Cytoplasmic pro-apoptotic function of the tumor suppressor p73 is mediated through a modified mode of recognition of the anti-apoptotic regulator Bcl-XL.

Author information

1
From the Disease Target Structure Research Center and.
2
the Bio & Drug Discovery Division, Korea Research Institute of Chemical Technology, Daejeon 34114, Republic of Korea, and.
3
the KRIBB School of Bioscience, Korea University of Science and Technology, Daejeon 34113, Republic of Korea.
4
the Department of Biochemistry, Yonsei University, Seoul 03722, Republic of Korea.
5
the Metabolic Regulation Research Center, KRIBB, Daejeon 34141, Republic of Korea.
6
the Bio & Drug Discovery Division, Korea Research Institute of Chemical Technology, Daejeon 34114, Republic of Korea, and suchoi@krict.re.kr.
7
From the Disease Target Structure Research Center and swchi@kribb.re.kr.

Abstract

In response to genotoxic stress, the tumor suppressor protein p73 induces apoptosis and cell cycle arrest. Despite extensive studies on p73-mediated apoptosis, little is known about the cytoplasmic apoptotic function of p73. Here, using H1299 lung cancer cells and diverse biochemical approaches, including colony formation, DNA fragmentation, GST pulldown, and apoptosis assays along with NMR spectroscopy, we show that p73 induces transcription-independent apoptosis via its transactivation domain (TAD) through a mitochondrial pathway and that this apoptosis is mediated by the interaction between p73-TAD and the anti-apoptotic protein B-cell lymphoma-extra large (Bcl-XL or BCL2L1). This binding disrupted an interaction between Bcl-XL and the pro-apoptotic protein BH3-interacting domain death agonist (Bid). In particular, we found that a 16-mer p73-TAD peptide motif (p73-TAD16) mediates transcription-independent apoptosis, accompanied by cytochrome c release from the mitochondria, by interacting with Bcl-XL Interestingly, the structure of the Bcl-XL-p73-TAD16 peptide complex revealed a novel mechanism of Bcl-XL recognition by p73-TAD. We observed that the α-helical p73-TAD16 peptide binds to a noncanonical site in Bcl-XL, comprising the BH1, BH2, and BH3 domains in an orientation opposite to those of pro-apoptotic BH3 peptides.

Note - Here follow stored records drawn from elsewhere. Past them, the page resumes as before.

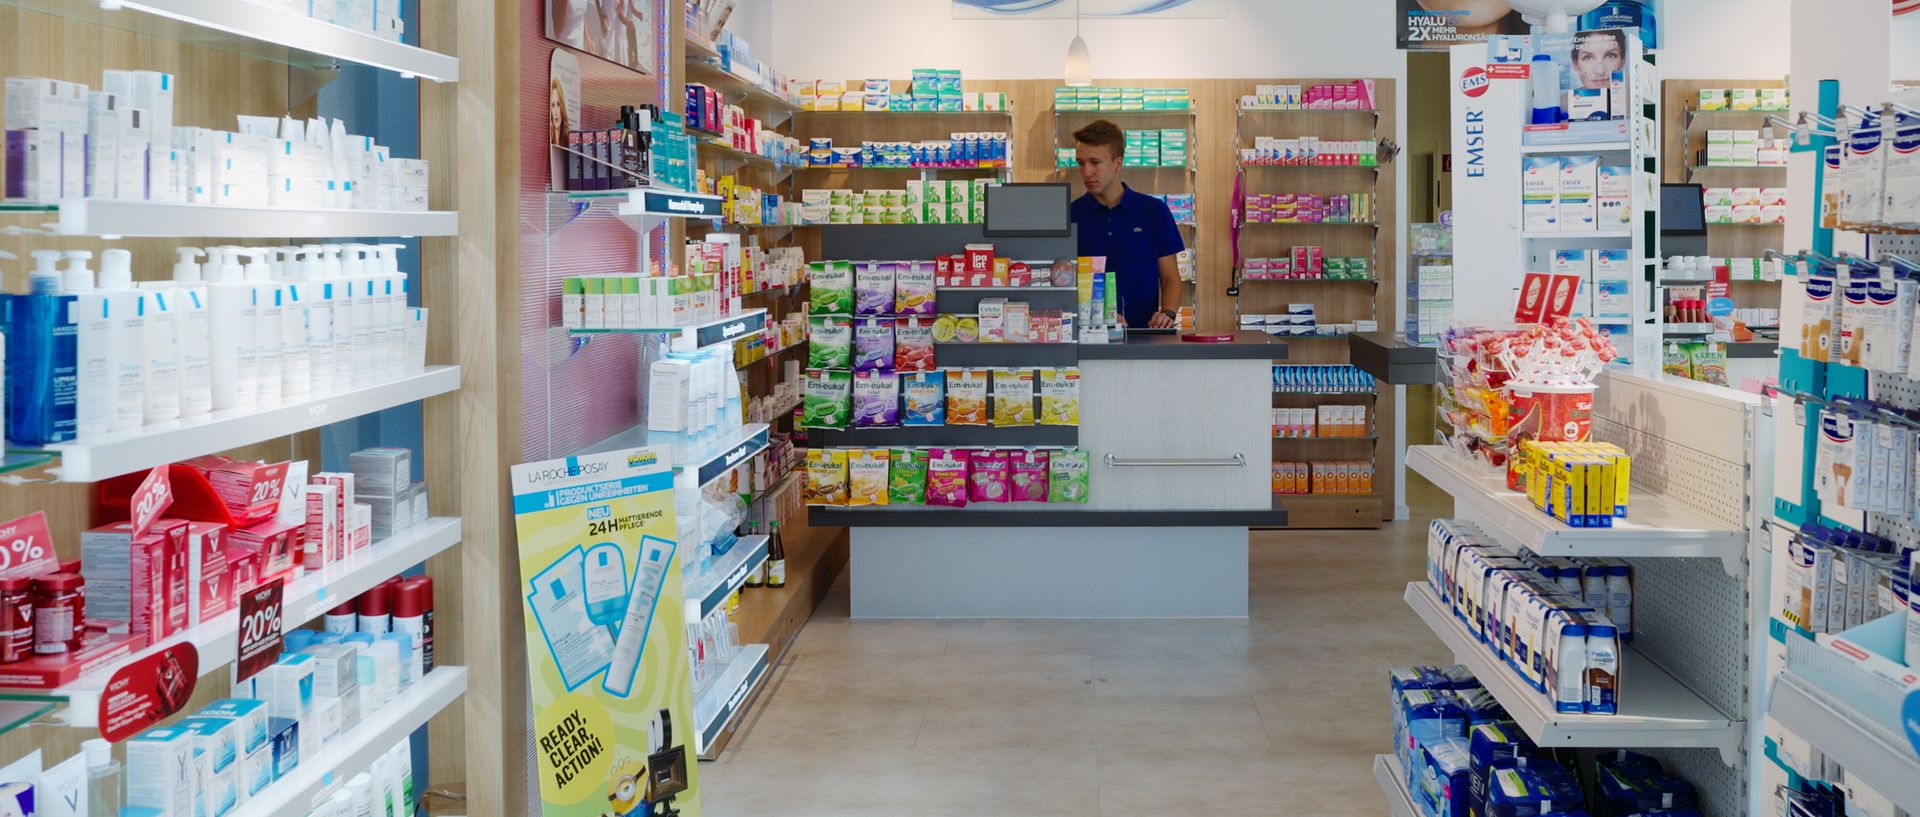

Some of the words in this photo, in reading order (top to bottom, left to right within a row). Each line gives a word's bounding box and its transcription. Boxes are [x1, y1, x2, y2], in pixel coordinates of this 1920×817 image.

[1408, 16, 1446, 26] HYALU
[1408, 27, 1431, 41] 2X
[1463, 74, 1487, 90] EMS
[1466, 110, 1484, 178] EMSER
[973, 252, 988, 262] ipa
[973, 261, 986, 269] lat
[808, 382, 845, 390] Em-eukal
[855, 381, 893, 389] Em-eukal
[949, 381, 983, 389] Em-eukal
[528, 472, 542, 483] LA
[542, 465, 578, 480] ROCHE
[578, 462, 608, 475] POSAY
[253, 479, 280, 503] 20%
[559, 480, 622, 498] PRODUKTSERIE
[136, 477, 166, 525] 20%
[560, 492, 588, 506] GEGEN
[588, 507, 610, 519] NEU
[618, 510, 663, 524] MATTIERENDE
[589, 518, 619, 536] 24H
[240, 603, 281, 649] 20%
[540, 709, 587, 754] READY,
[550, 727, 594, 768] CLEAR,
[555, 737, 604, 790] ACTION!

Taken together, our results indicate that the cytoplasmic apoptotic function of p73 is mediated through a noncanonical mode of Bcl-XL recognition. This finding sheds light on a critical transcription-independent, p73-mediated mechanism for apoptosis induction, which has potential implications for anticancer therapy.

KEYWORDS:

BCL2L1; BH3-interacting domain death agonist; Bcl-XL; apoptosis; cancer; p73; protein structure; protein-protein interaction; transactivation domain; tumor suppressor gene

PMID:
30429221
PMCID:
PMC6314122
[Available on 2019-12-21]
DOI:
10.1074/jbc.RA118.003061
[Indexed for MEDLINE]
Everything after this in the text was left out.